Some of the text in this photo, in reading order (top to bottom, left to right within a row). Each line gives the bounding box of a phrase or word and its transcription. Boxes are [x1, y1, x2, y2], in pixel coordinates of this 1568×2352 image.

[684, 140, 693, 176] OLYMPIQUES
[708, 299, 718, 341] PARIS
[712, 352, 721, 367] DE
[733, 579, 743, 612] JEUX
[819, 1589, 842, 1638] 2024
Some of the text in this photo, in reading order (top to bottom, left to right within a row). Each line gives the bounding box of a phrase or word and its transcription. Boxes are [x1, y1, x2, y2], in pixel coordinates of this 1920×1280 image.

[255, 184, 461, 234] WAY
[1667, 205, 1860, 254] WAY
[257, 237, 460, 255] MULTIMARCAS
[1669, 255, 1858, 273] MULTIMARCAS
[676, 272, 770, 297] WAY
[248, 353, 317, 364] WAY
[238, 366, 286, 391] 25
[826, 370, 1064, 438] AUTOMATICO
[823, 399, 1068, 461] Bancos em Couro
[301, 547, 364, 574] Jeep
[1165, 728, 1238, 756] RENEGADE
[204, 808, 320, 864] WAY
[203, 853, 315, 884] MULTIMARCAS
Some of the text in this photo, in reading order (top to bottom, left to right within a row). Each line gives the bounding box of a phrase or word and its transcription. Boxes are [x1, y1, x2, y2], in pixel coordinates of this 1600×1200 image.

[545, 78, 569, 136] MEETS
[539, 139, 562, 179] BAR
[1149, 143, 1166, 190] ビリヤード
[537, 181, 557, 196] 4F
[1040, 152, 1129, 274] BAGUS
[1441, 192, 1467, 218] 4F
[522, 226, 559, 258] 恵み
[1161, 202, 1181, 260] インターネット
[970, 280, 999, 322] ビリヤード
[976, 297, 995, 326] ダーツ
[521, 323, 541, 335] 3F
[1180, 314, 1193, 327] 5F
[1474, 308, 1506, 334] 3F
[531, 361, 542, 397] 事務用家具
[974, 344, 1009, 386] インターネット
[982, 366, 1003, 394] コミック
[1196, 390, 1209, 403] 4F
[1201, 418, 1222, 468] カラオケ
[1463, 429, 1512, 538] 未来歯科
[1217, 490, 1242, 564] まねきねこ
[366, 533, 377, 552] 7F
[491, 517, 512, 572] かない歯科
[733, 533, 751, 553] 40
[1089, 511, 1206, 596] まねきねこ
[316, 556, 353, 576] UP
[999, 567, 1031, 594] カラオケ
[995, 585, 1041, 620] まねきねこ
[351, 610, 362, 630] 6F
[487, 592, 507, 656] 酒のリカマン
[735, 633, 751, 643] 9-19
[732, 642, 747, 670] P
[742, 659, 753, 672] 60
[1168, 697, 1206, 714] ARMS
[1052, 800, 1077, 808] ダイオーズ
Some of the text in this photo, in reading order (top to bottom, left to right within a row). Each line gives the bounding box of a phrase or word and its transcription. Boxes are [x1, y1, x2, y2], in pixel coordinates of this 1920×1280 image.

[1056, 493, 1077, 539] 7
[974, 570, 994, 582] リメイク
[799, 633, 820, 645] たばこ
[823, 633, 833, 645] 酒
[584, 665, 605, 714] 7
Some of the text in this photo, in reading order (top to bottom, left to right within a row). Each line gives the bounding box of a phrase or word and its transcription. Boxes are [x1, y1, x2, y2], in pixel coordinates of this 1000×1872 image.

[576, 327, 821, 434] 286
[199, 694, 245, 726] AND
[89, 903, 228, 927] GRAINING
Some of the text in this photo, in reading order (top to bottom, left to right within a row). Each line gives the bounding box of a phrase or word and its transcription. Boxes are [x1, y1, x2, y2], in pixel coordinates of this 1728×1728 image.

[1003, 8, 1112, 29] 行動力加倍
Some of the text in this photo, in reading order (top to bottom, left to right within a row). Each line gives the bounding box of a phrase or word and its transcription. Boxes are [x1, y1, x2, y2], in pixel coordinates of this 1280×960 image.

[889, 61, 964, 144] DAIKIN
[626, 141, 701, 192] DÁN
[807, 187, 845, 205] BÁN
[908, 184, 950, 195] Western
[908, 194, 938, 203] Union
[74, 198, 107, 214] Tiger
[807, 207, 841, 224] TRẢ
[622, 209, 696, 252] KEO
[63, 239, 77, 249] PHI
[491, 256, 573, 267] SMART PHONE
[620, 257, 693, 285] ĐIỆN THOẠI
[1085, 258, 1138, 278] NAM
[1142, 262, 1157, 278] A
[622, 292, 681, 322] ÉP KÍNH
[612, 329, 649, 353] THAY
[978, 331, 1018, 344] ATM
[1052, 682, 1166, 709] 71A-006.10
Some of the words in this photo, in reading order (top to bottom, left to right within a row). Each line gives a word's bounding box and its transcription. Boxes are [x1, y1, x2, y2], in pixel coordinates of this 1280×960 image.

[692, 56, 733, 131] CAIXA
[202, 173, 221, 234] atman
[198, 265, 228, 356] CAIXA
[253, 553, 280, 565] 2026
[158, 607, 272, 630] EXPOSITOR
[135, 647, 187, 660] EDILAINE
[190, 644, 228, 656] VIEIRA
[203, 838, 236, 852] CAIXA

**Required action:** In the listing above, find the line containing "Some of the words", then reproduce it and each line after it through the end, exactly and with nothing added.

**Response:**
Some of the words in this photo, in reading order (top to bottom, left to right within a row). Each line gives a word's bounding box and its transcription. Boxes are [x1, y1, x2, y2], in pixel coordinates of this 1280×960 image.

[692, 56, 733, 131] CAIXA
[202, 173, 221, 234] atman
[198, 265, 228, 356] CAIXA
[253, 553, 280, 565] 2026
[158, 607, 272, 630] EXPOSITOR
[135, 647, 187, 660] EDILAINE
[190, 644, 228, 656] VIEIRA
[203, 838, 236, 852] CAIXA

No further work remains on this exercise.